He had a spike connected to the bottom of his crutches and since he kept himself trim, he was able to get down to the river and creek beds. The ones he couldn't get to, I would go. 
He passed away in 2007 in his 80s. He use to sell drawings of his under ice beaver pole set, and if anyone is interested I'll draw it up and post it here. I don't think he'd mind a bit.


----------



## xdeano (Jan 14, 2005)

so what happened to the lure recipes? Did they go to the grave with him or does someone still have them sitting in a note book somewhere.

xdeano


----------



## Traptress (Sep 14, 2012)

He kept his recipes close at heart in his vest. I didn't write them down because he was trusting me to work with him. When he died his business was sold by his family to the Tefflon ( as in the FnG can't seem to make any charges stick ) Fur Buyer, Johnny the Jew Hughes, ( Fuller's name for him) who is now selling Fuller's lures. 
Glad to see someone comments on posts  . I was beginning to think a person has to be NODAK to get a response. oke:


----------



## xdeano (Jan 14, 2005)

No you dont have to be nodak. There are very few guys on this forum that know much if anything about lure making and how its not just throwing together a bunch of ingredients. Ive been apart of some very complicated and very good lures over the last several years. I was hoping that you had the recipes and were making them. Kind of trying to bring the buisness to the public again.

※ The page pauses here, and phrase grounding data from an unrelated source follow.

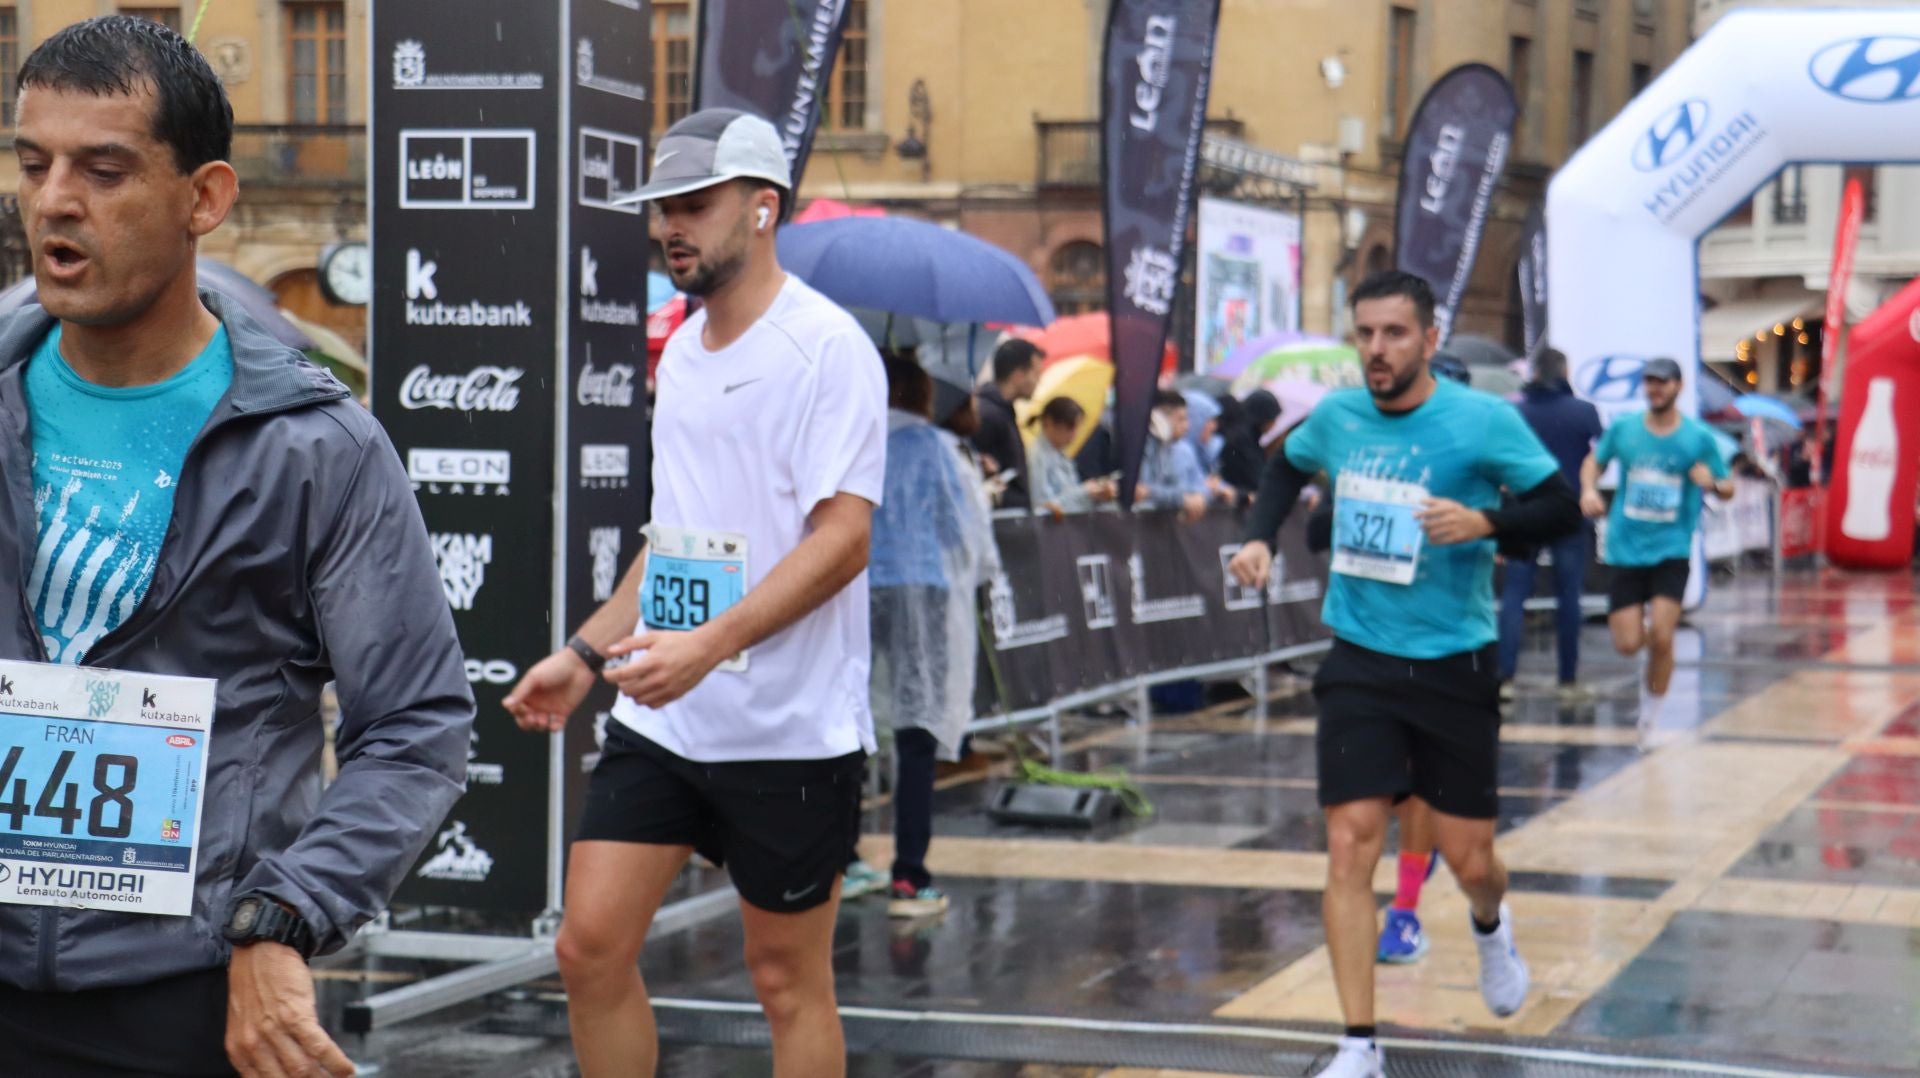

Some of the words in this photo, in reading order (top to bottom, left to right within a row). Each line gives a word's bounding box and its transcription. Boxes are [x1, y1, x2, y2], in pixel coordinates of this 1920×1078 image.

[408, 153, 462, 179] LEÓN
[1645, 111, 1758, 219] HYUNDAI
[406, 248, 437, 299] k
[580, 246, 598, 296] k
[406, 300, 532, 326] kutxabank
[580, 299, 639, 325] kutxabank
[414, 457, 507, 475] LEON
[411, 482, 510, 495] PLAZA
[1352, 513, 1395, 551] 321
[653, 574, 709, 627] 639
[140, 709, 201, 724] kutxabank
[44, 724, 95, 745] FRAN
[168, 736, 193, 746] ABRIL
[0, 745, 139, 839] 448
[42, 851, 114, 862] PARLAMENTARISMO
[43, 842, 77, 850] HYUNDAI
[18, 866, 145, 893] HYUNDAI
[17, 885, 67, 898] Lemauto
[70, 889, 142, 903] Automoción
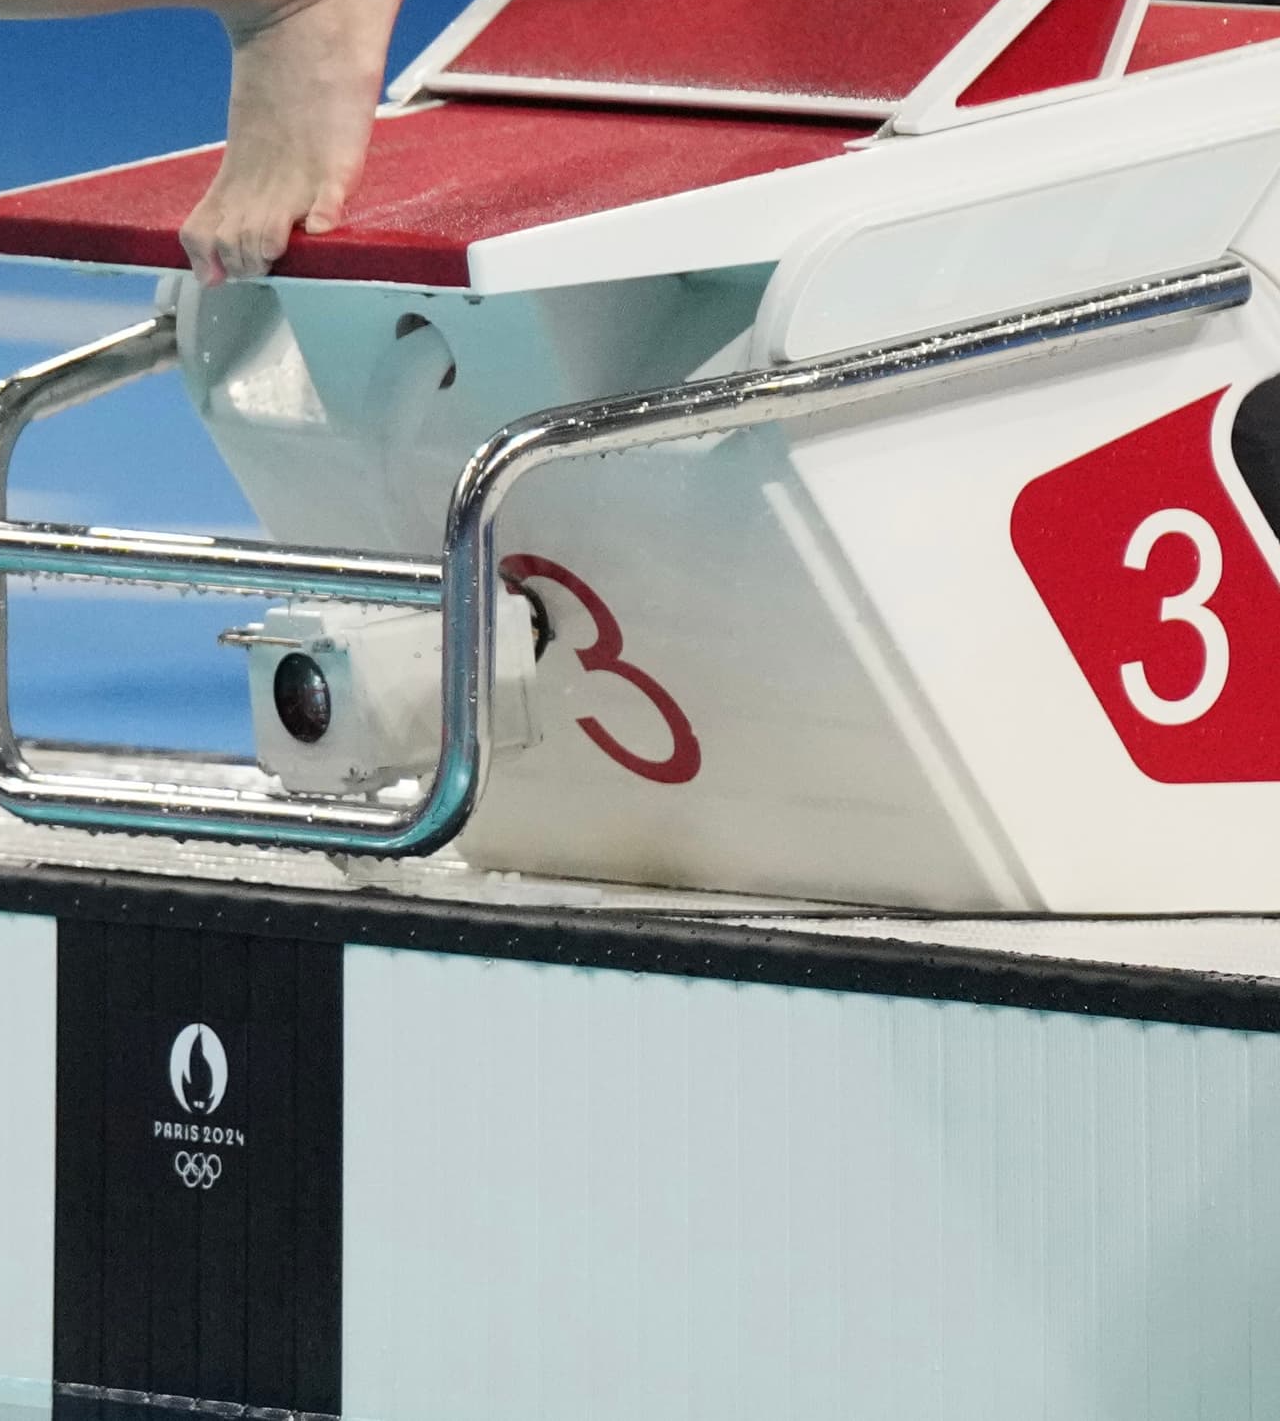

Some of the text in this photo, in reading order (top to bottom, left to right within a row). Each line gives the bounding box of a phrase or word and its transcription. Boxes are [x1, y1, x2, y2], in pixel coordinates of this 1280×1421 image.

Id say if you remember the formula. Write them down. All you have to do is change 10% of the ingredents. Change the name and send it to yourself through the usps and start selling it. Legally they cant come after you.

Xdeano


----------



## Traptress (Sep 14, 2012)

Unfortunately I don't recall the specific recipes. I haven't really thought about the ingredients for years.
For his cat lures he used animal carcasses Bob cat minus the heads, and mice. He paid my son 10 cents a mouse. He'd grind up carcasses, sieve out the bone fragments, and store the sludge consistency, future lure in 55 gal drums to cure. Some of his favorite ingredients had been in his basement for years. When we were going to make a batch of lure I'd go down and scoop the mixture out of the oldest ingredients. A few of the plastic barrels had began to split, I can't imagine who they found to clean out that basement.
When we were going to make a batch of a specific lure, cat, I'd go into the basement and bring up some sludge, he's gather all the ingredients and we'd run it through the grinder to make sure it was well mixed. The glycerin would be mixed with the sludge as it went down the grinder. Then if the lure was too thick, he'd add more glycerine. It would go into five gallon containers, sealed and labeled as to let it ferment for a week or so. I'd open them and give them a stir and lightly close them. Once the lures were aged to his specifications, we'd pour it into gallon glass jugs, label them and put them on a shelf. There were a couple of times the jars exploded, but not too often. When we got low on jars of various sizes on the shelves, we'd pour. He was a great one for sending little gifts with his orders. Little knives, fridge magnets, pens, envelope openers, note books, calendars. He really enjoyed sending them.
He used lots of glycerin in all his lures, which keeps the lure from freezing. 
He used only beaver castors for his beaver lures, and mint and tree oils like sassafras , sweet smelling things, nothing dead as in carcasses .
He also used some sort of powder in his lures, even then I couldn't remember what it was called, but do know it begins with an A. It was an odd chemical name. It helped keep the lure stable. 
Again, its been a while, and my memories of the procedure are fading. Sorry.
He had an amazing variety of exotic oils, deer glands from Africa was one. He made sure to tell me about the perfume industry and how often animal scent glands are used in fine expensive colognes. 
Maybe something I mentioned about the lure making, will help someone. 
His favorite cat lure was called PACIFIC CALL. One day he caught me dabbing a bit behind my ear. LOL. The smell of his lures weren't offensive to me . Not like some lures that smell like liquefied road kill.
He did use skunk in one of his lures. He kept it in a jar, in a jar, we use long gloves and were so careful but still we reeked for a couple of days just from the aroma getting on us. 
I'm stuck in Florida, I sure miss the west. I miss the Musselshell Breaks. ( A good movie by the way). Making lures here at my daughter's is out of the question, she won't even let me brain tan hides. Ah yes, the west beckons.


----------



## xdeano (Jan 14, 2005)

Thanks for sharing.

Was the white powder that started with an "A", a preservative? I've used a pile of Sodium Benzoate which is a preservative and stops the aging process. It comes in a white powder or as small clumped powder. Another preservative is zink valerate which is a white powder too. Another one that could be used is Methyl paraben, but that's more of a anti microbe.

A lot of the good k9 and cat formulas have bobcat meat in them. I've also used some with mt. lion meat and it seems to work well also as a base.

I've got some beaver recipes that might make some people salivate and want to eat them. Others not so much.

The west is where it's at. Not as many people which is what i like.

xdeano


----------



## Traptress (Sep 14, 2012)

Yes, it must have been a preservative. I can't imagine what other purpose it might have had.


----------